(WORK ITEM): Please give every record below again exactly, and keep the pictures out.

Data entries:
• • • • • • •

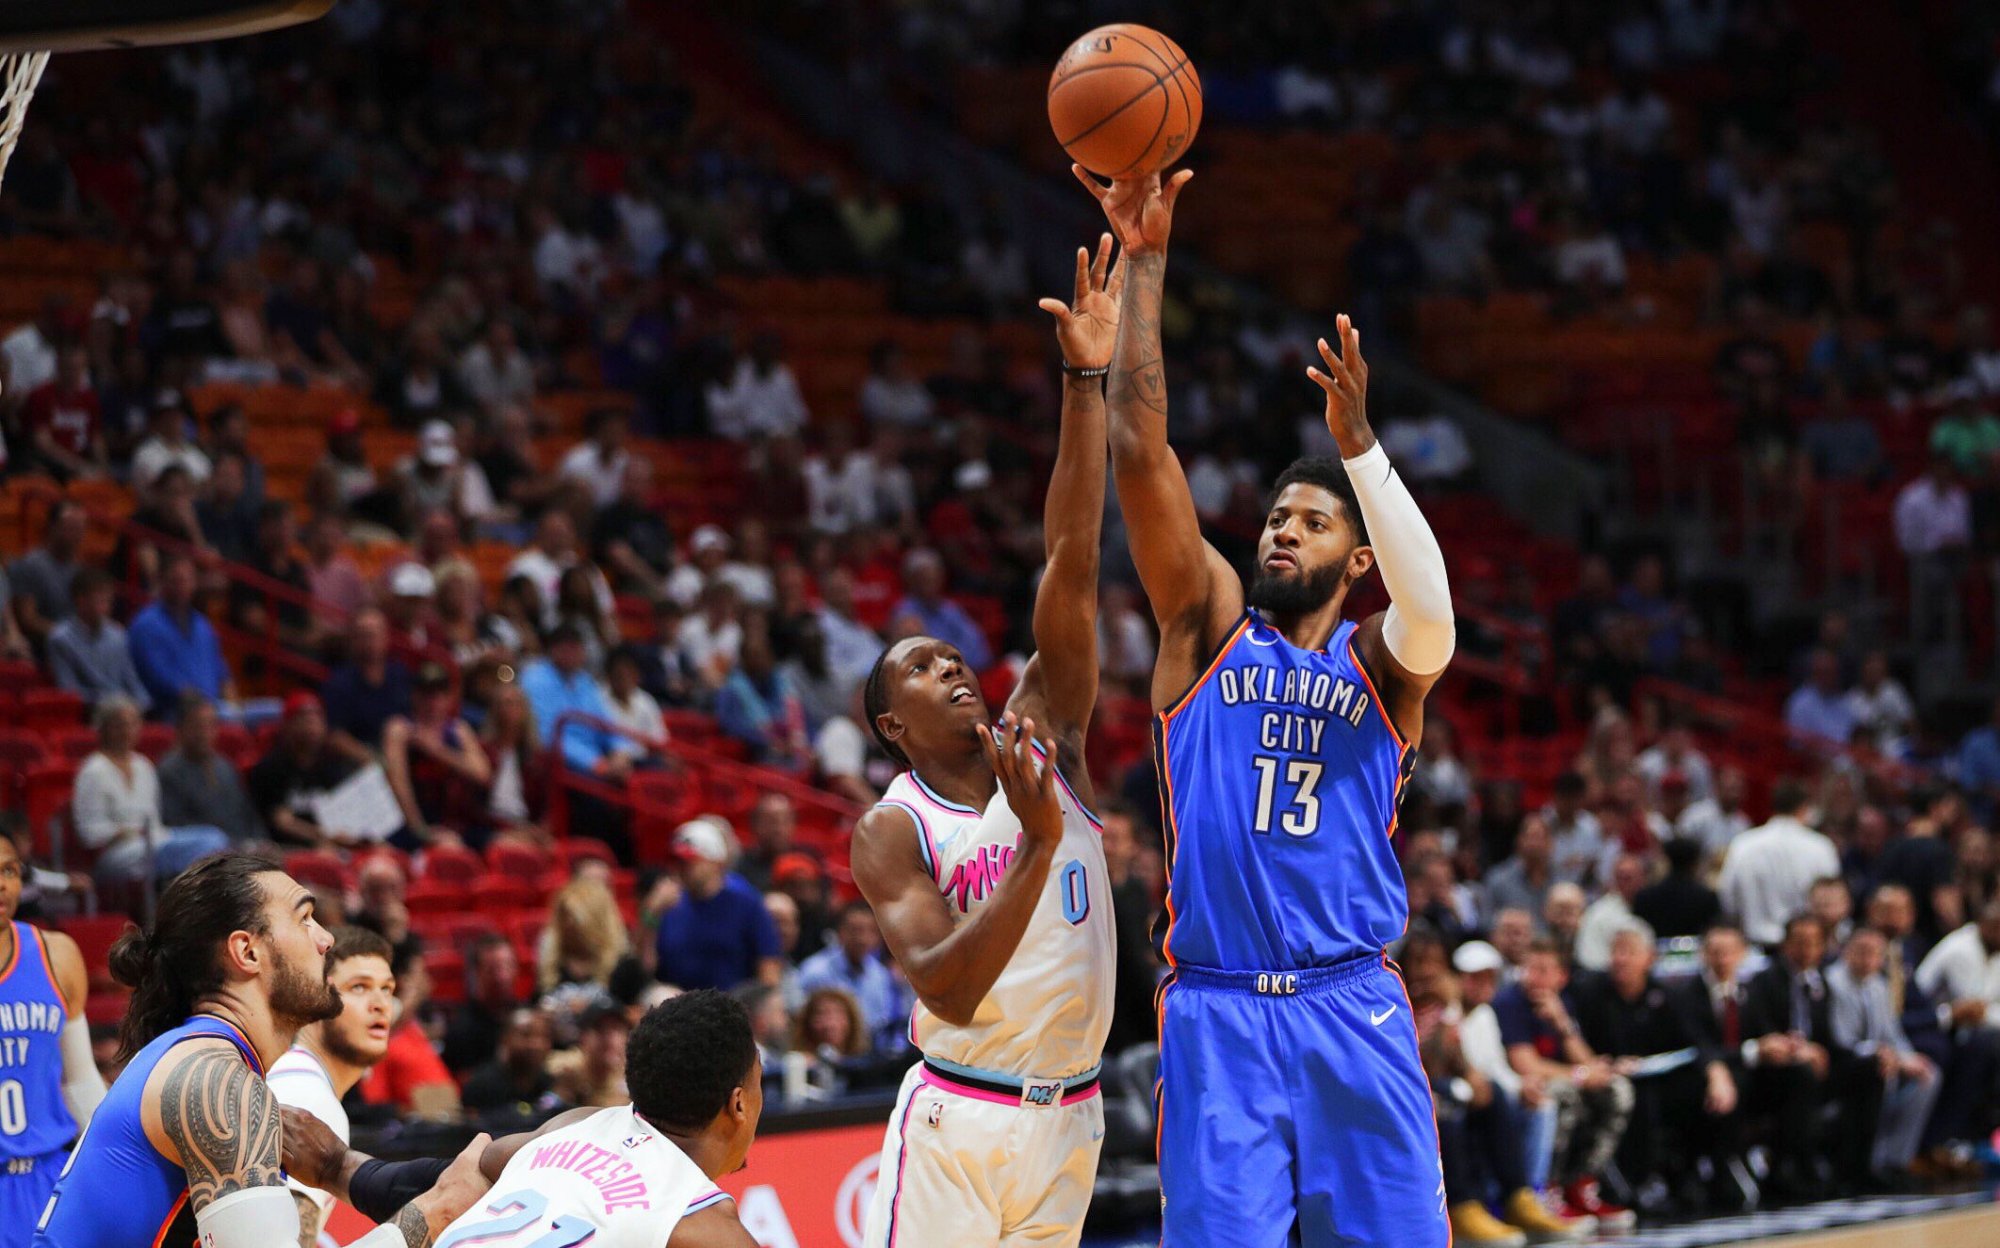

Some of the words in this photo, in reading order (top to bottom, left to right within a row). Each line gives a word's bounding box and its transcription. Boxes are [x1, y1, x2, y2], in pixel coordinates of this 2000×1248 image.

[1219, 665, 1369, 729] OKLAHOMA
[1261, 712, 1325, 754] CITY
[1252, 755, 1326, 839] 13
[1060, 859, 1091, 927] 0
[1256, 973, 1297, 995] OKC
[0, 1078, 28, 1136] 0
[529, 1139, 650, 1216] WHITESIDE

• • • • • • •

(REPLY TO THE TASK):
Some of the words in this photo, in reading order (top to bottom, left to right within a row). Each line gives a word's bounding box and its transcription. Boxes are [x1, y1, x2, y2], in pixel coordinates of this 2000×1248 image.

[1219, 665, 1369, 729] OKLAHOMA
[1261, 712, 1325, 754] CITY
[1252, 755, 1326, 839] 13
[1060, 859, 1091, 927] 0
[1256, 973, 1297, 995] OKC
[0, 1078, 28, 1136] 0
[529, 1139, 650, 1216] WHITESIDE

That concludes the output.